In doing some fact-checking about presidents who started and ran small businesses, I was reminded how the term “small business” is not useful as a search term when looking for primary source material before the 20th century. To demonstrate what I mean, the trendline chart above tracks the appearance of the term “small business” in books published between 1880 and 2000.

Using Google’s Ngram Viewer, a tool that pulls such information from the Google Books‘ database of digitized books and publications, it’s easy to see that the phrase “small business” didn’t come into general use until the latter part of the 19th century. Usage of the term grew rapidly in two distinct time periods: (1) From 1920–1940 and (2) From 1970 until the present.

While neither a linguist nor historian, I’m familiar with (and even professionally attached to) enough American history and the term “small business” to suggest the journey of the term’s popularity.

1. Before the industrial revolution, all business was small business.

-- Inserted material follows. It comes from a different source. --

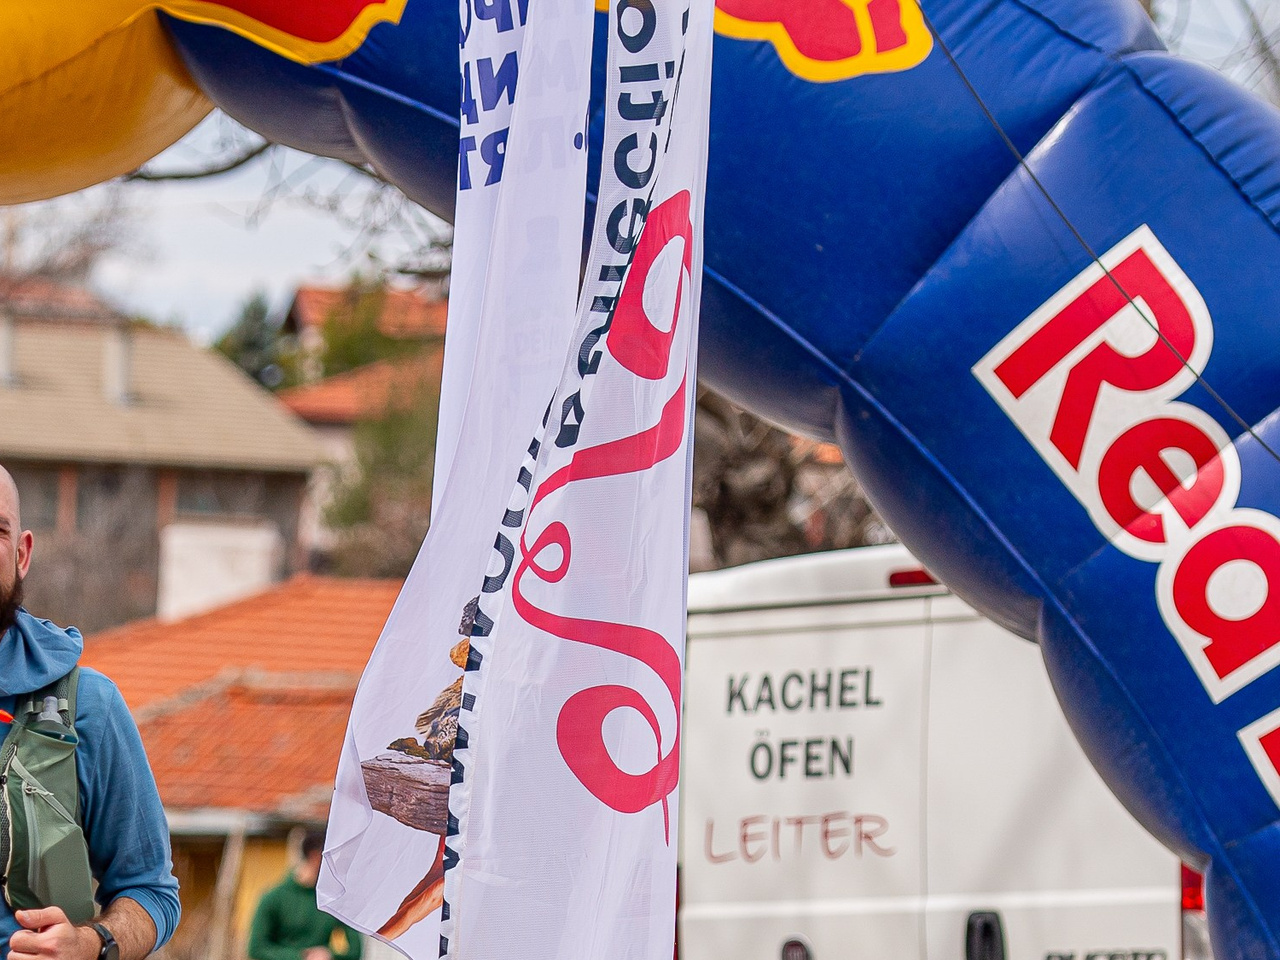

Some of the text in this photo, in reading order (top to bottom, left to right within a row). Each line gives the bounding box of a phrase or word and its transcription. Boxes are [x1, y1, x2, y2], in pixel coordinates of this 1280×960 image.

[726, 668, 883, 712] KACHEL
[748, 730, 854, 780] ÖFEN
[704, 810, 898, 864] LEITER
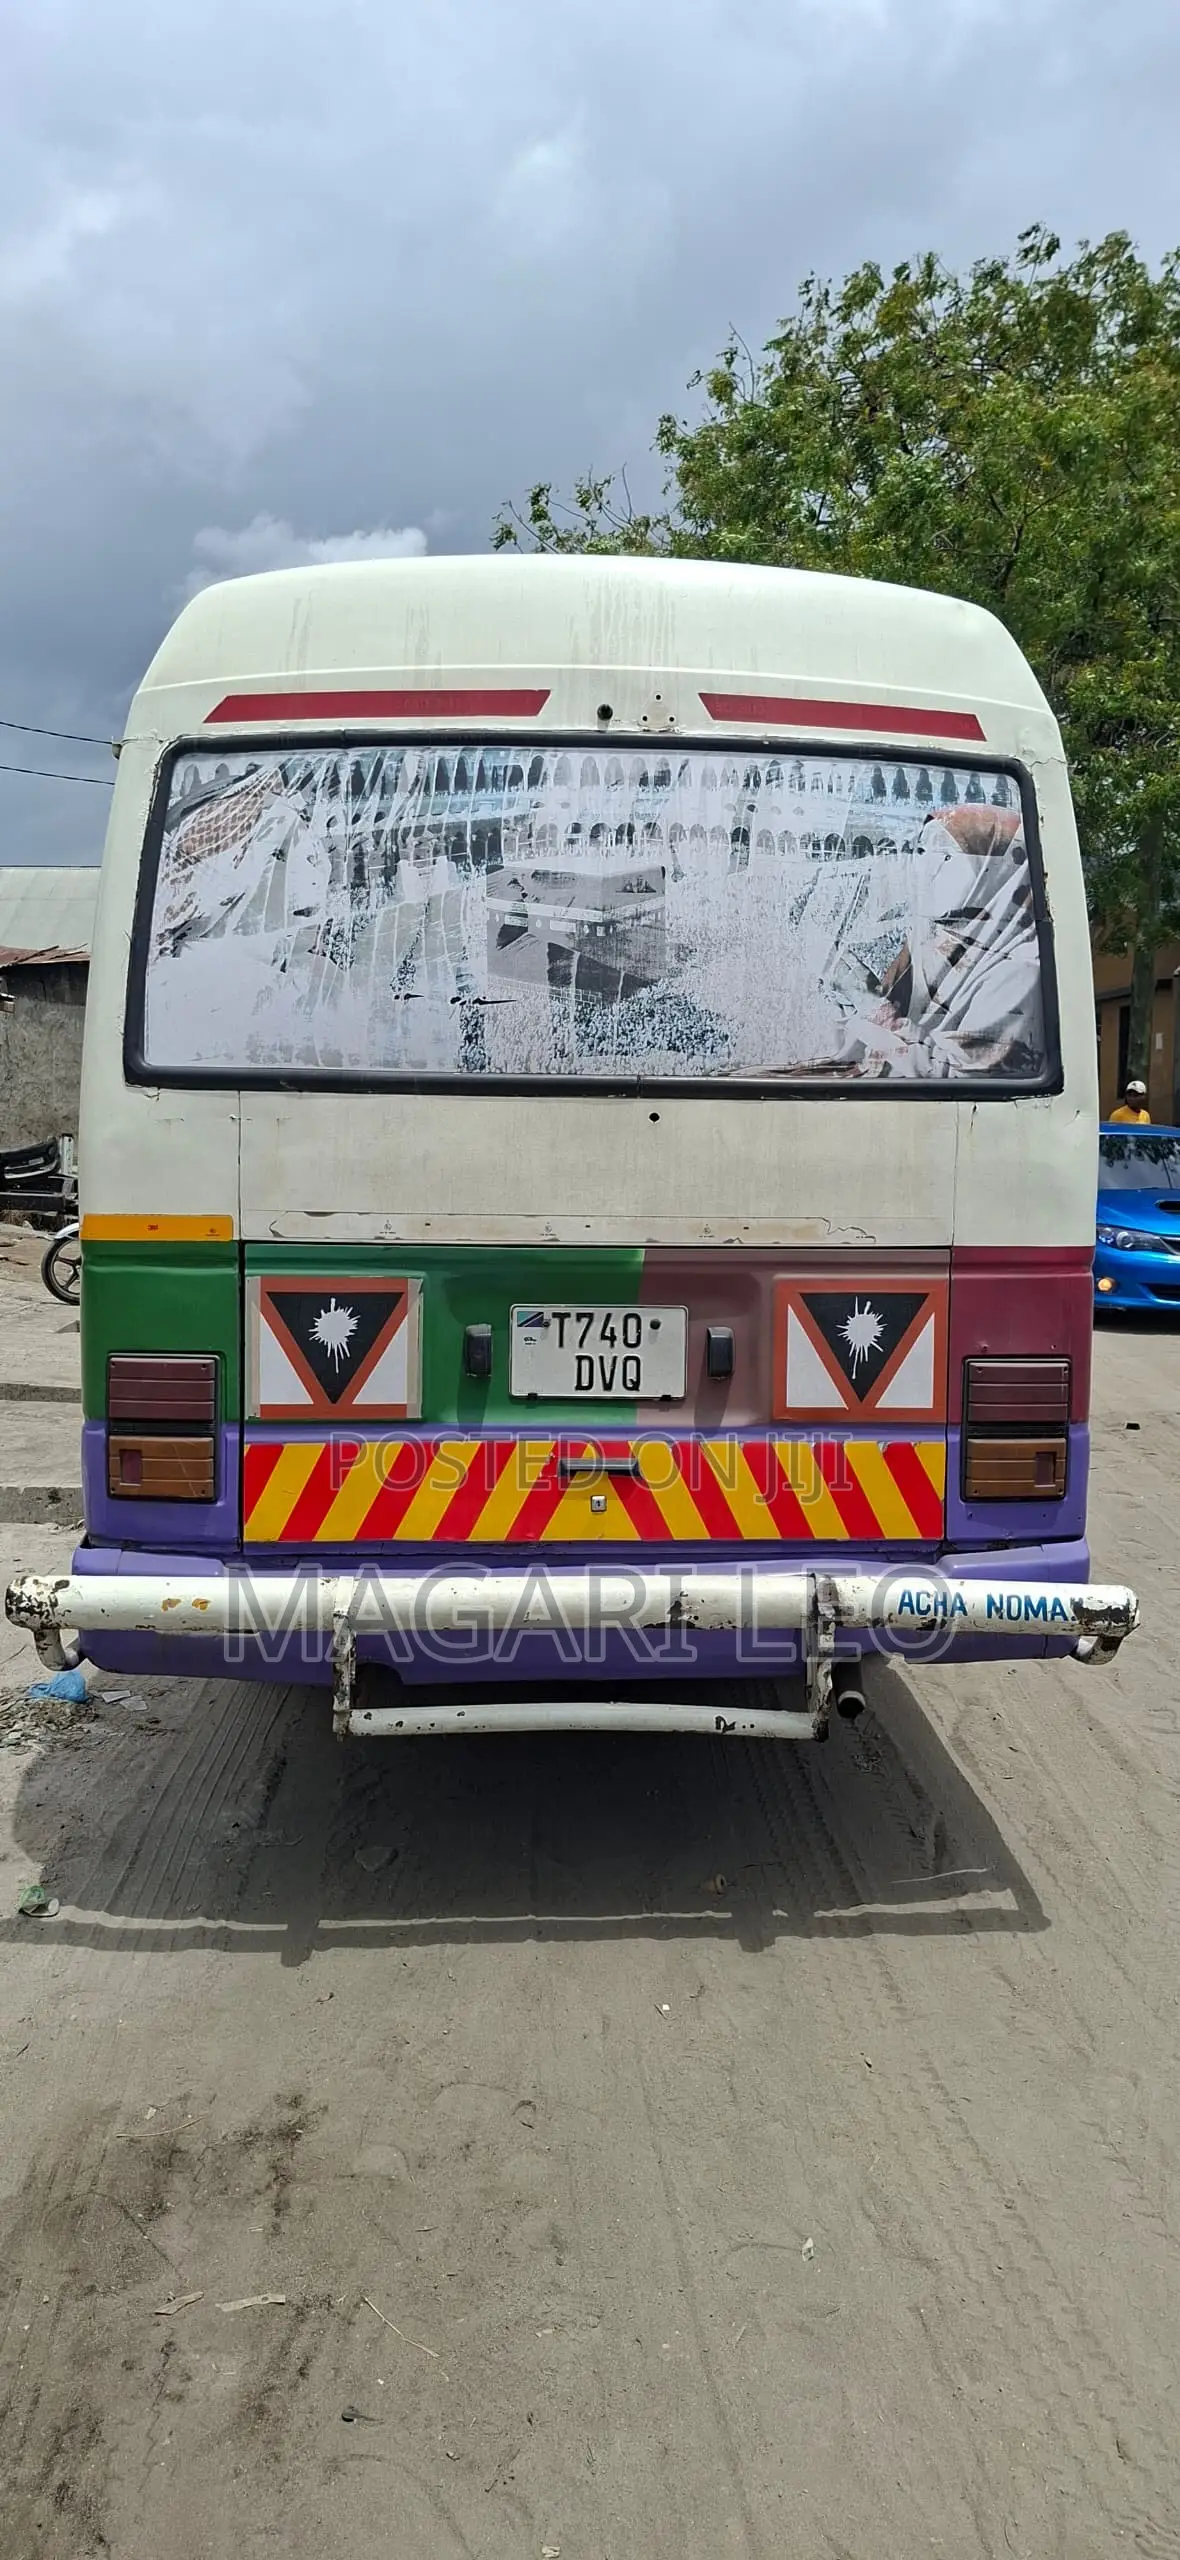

The American Civil War and the innovations of the second half of the 19th century ushered in the beginnings of a form of market-driven big business we’d recognize today. (Big business existed earlier, but forced labor and ownership by kings is not exactly the business paradigm to which I’m referring.) The notion of there being such a thing as a “small” business wasn’t necessary until there emerged the notion of a “big” business.

2. The cultural changes of the Roaring ’20s and Great Depression.

The notion of business as “big” and “small” fits into cultural and social shifts of the 1920s and 1930s, a period that saw a pendulum swing from economic boom to bust back to boom. The emergence of the middle class, organized labor and the golden age of Main Street commerce raised the country’s collective awareness that businesses came in two sizes, big and small. While the Great Depression wasn’t good for big business, it did wonders for big government.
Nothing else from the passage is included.